- Required action: Each line below needs to be returned exactly. Skip any picture.

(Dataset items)
= Beginning of Section =
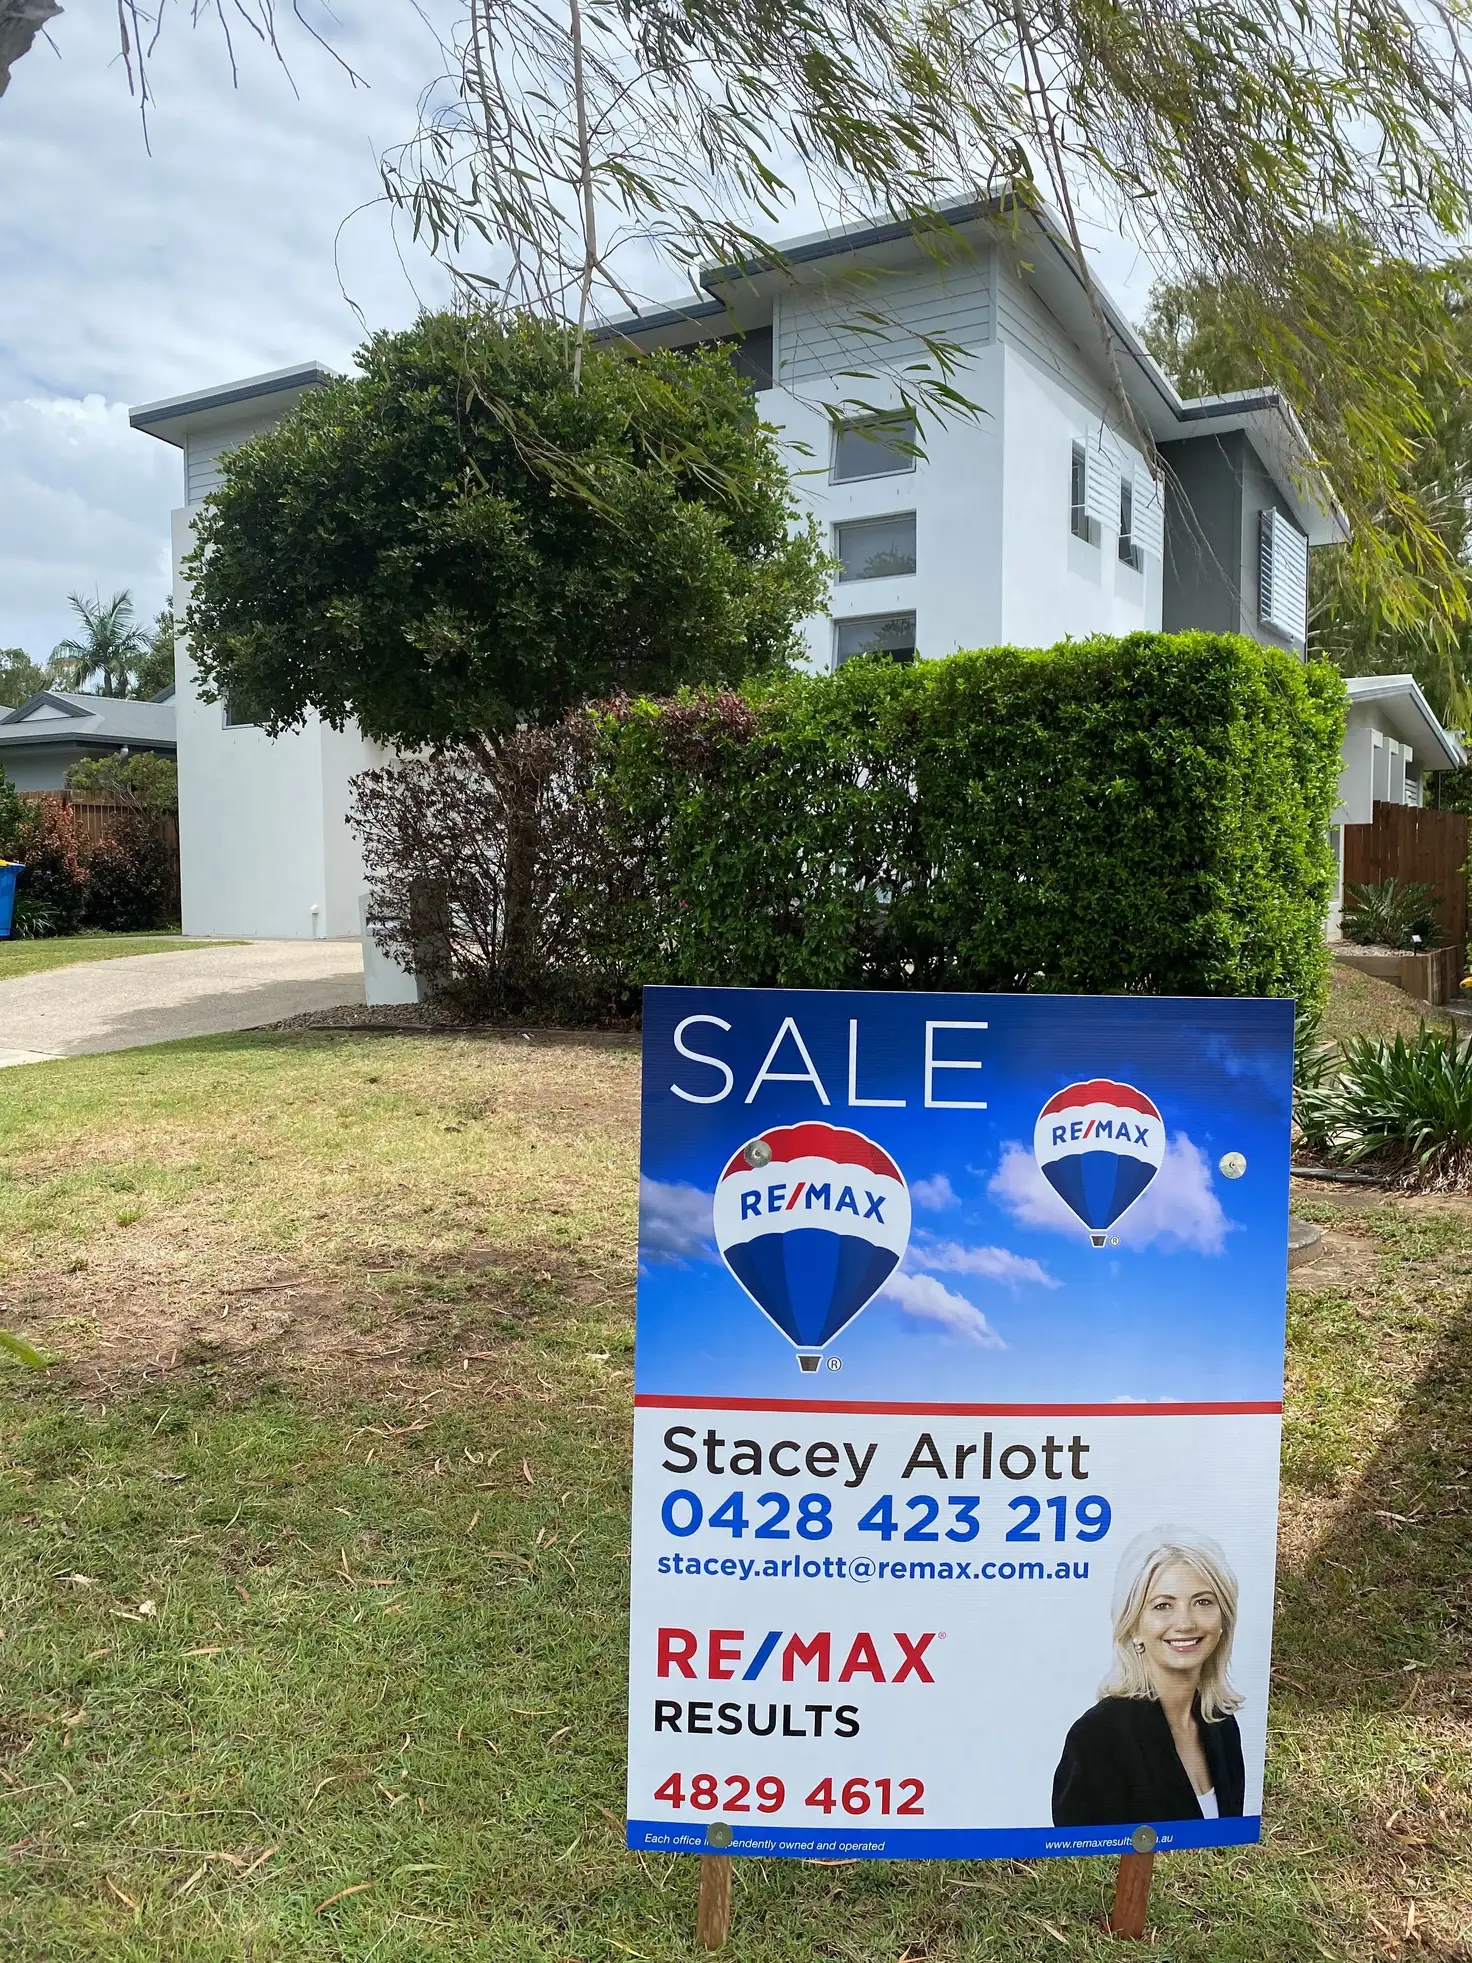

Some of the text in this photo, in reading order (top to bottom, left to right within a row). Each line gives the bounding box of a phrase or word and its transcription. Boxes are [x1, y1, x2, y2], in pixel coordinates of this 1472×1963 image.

[670, 1014, 989, 1110] SALE
[1051, 1119, 1149, 1148] RE/MAX
[740, 1181, 886, 1226] RE/MAX
[661, 1425, 1091, 1488] Stacey Arlott
[660, 1488, 1112, 1543] 0428 423 219
[656, 1551, 1090, 1584] stacey.arlott@remax.com.au
[654, 1700, 860, 1738] RESULTS
[653, 1772, 925, 1815] 4829 4612
[644, 1832, 670, 1845] Each
[673, 1835, 701, 1847] office
[778, 1840, 814, 1851] owned
[816, 1839, 836, 1852] and
[838, 1840, 885, 1853] operated
= End of Section =
- Written reply:
Some of the text in this photo, in reading order (top to bottom, left to right within a row). Each line gives the bounding box of a phrase or word and its transcription. Boxes are [x1, y1, x2, y2], in pixel coordinates of this 1472×1963 image.

[670, 1014, 989, 1110] SALE
[1051, 1119, 1149, 1148] RE/MAX
[740, 1181, 886, 1226] RE/MAX
[661, 1425, 1091, 1488] Stacey Arlott
[660, 1488, 1112, 1543] 0428 423 219
[656, 1551, 1090, 1584] stacey.arlott@remax.com.au
[654, 1700, 860, 1738] RESULTS
[653, 1772, 925, 1815] 4829 4612
[644, 1832, 670, 1845] Each
[673, 1835, 701, 1847] office
[778, 1840, 814, 1851] owned
[816, 1839, 836, 1852] and
[838, 1840, 885, 1853] operated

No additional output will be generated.